Indicators and weighting of patient behavior and the score for each response.
Scoring system: The results ranged from −16 to +16. Nurses completed these indicators at the end of each visit using the specific software system.
Behavior evaluation: To assess patient behavior during teledentistry activities we also used the same five key questions that were developed in the previous study 8 : Does the patient fear the electric toothbrush? Does the patient bite the camera? Does the patient have difficulty keeping their mouth open? Is the patient resistant? Is the patient cooperative? These questions were selected as they were potential obstacles to the successful completion of the procedure. The fear of toothbrushes was included because the intra-oral camera resembles an electric toothbrush in appearance. The one on biting and the one on keeping the mouth open were monitored as such behaviors could negatively affect the teleconsultation and the treatment by the dentist. The resistance and the cooperation of the patient were recorded to have the feedback from the health professional who recorded the video.
These questions aimed to evaluate the acceptability of the camera usage and to anticipate potential care needs.
Time measurement: At the end of each visit, nurses were also required to record in the software the time spent with the patient. We monitored this indicator because it was always a question from the policymakers and the medico-social facilities’ director. The time spent by nurses to record data should be transferred into salary money.
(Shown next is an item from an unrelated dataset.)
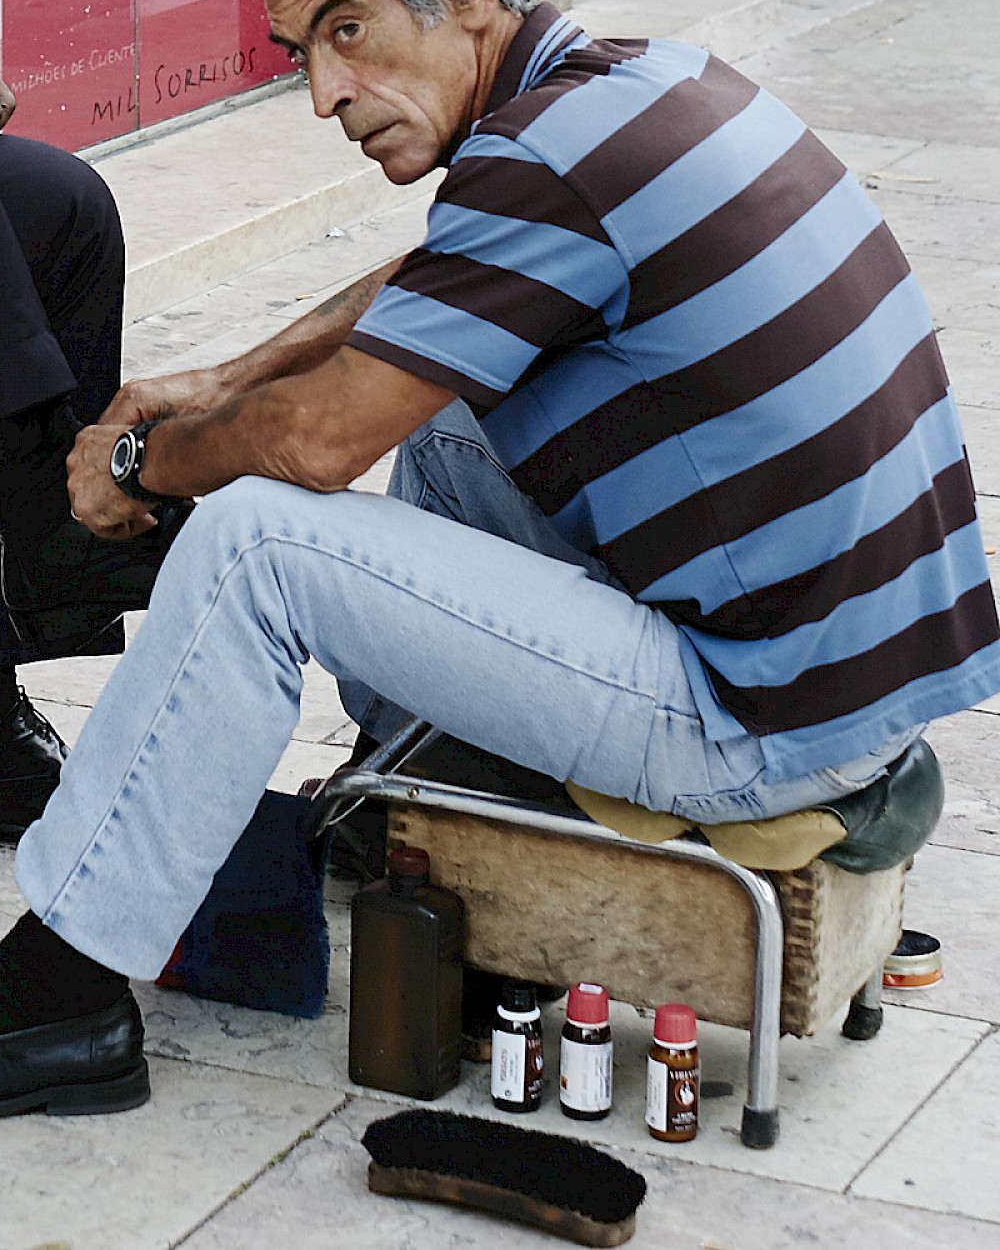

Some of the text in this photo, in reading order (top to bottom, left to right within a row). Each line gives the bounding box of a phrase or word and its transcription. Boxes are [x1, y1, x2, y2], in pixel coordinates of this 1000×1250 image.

This indicator was very relevant.
Additional medical data collection: Other data collected in the medical record by the nurse included type of disability (psychiatric, mental, or multiple disabilities), epilepsy, bruxism, swallowing disorders, and salivation disorders.
Teledentist analysis and diagnosis: The teledentist analyzed the data and performed a diagnosis that included tooth-by-tooth diagnosis using the CAST classification, 11 presence of plaque or tartar, need for care, urgency level of required care, 12 and type of care to consider: private dentist, specialist dentist, and general anesthesia.
Additionally, the teledentist evaluated the quality of videos taken by the nurse (poor, good, or excellent) and the feasibility of the diagnosis (impossible, partial, or complete).
Facilities inclusion criteria: All medico-social institutions contracted with Montpellier University Hospital for teledentistry activities and using the e-DENT system were included. The study encompassed 27 facilities, categorized based on the type of disability/state: 4 long-term care homes for the elderly, 3 facilities for children with disabilities, facilities where people with low facilities leave, 8 medicalized reception centers for people with middle disabilities, specialized medicalized reception centers for people with high disabilities.
Patients inclusion criteria: Inclusion criteria were residency in a contracted facility and consent to teledentistry activities and the study. Exclusion criteria included refusal to consent, patient refusal despite legal representative approval, and medical team refusal due to patient health status.
Study intervention: Teledentistry procedures, as described in the introduction, were performed for all individuals within the participating facilities.
Statistical analysis
Continuous data were presented as medians with quartile ranges. Qualitative data were expressed as numbers and percentages.
The receiver operating characteristic 13 (ROC) curve is used to evaluate the performance of a binary classification model, using sensitivity and specificity. An ROC curve of the mood score for video quality prediction was drawn by plotting the sensitivity against the specificity of score results. The area under the ROC curve (AUC) was calculated along with its 95%CI was estimated. The threshold was determined with the Youden index to optimize both sensitivity and specificity. The statistical measures of the threshold performance (sensitivity, specificity) were calculated.
Mixed logistic regressions on video quality, diagnostic feasibility, behavior scores, and mixed linear regression on mood score were performed, with significant variables presented in multivariate analysis.
Statistical analyses were conducted using R (V.4.3.1)
Results
Description of the studied population: During the five-year analysis period, 682 patients received at least one telemedicine dental procedure (Figure 1). The gender distribution was 56% male (379) and 44% female (303). The patient categories were as follows: 6%) were dependent elderly persons; 10%) were children with disabilities; 4%) were adults with disabilities, of which: 4%) lived in low-disability life homes; 154 (22%) resided in medium-disability medicalized reception centers; 8%) were in high-disability specialized reception homes.

Inclusion flow.
A total of 1210 telemedicine dental procedures were performed on these 682 patients over the five years: 7.8%) had 2 telemedicine procedures; 95 (13.9% of the total and 24.1% of those who had 2) had 3; 32 (4.7% of the total and 33.7% of those who had 3) had 4; 7 (1% of the total and 21.9% of those who had 4) had 5.
The overall figures for inclusion and telemedicine procedure completion are summarized in Figure 2.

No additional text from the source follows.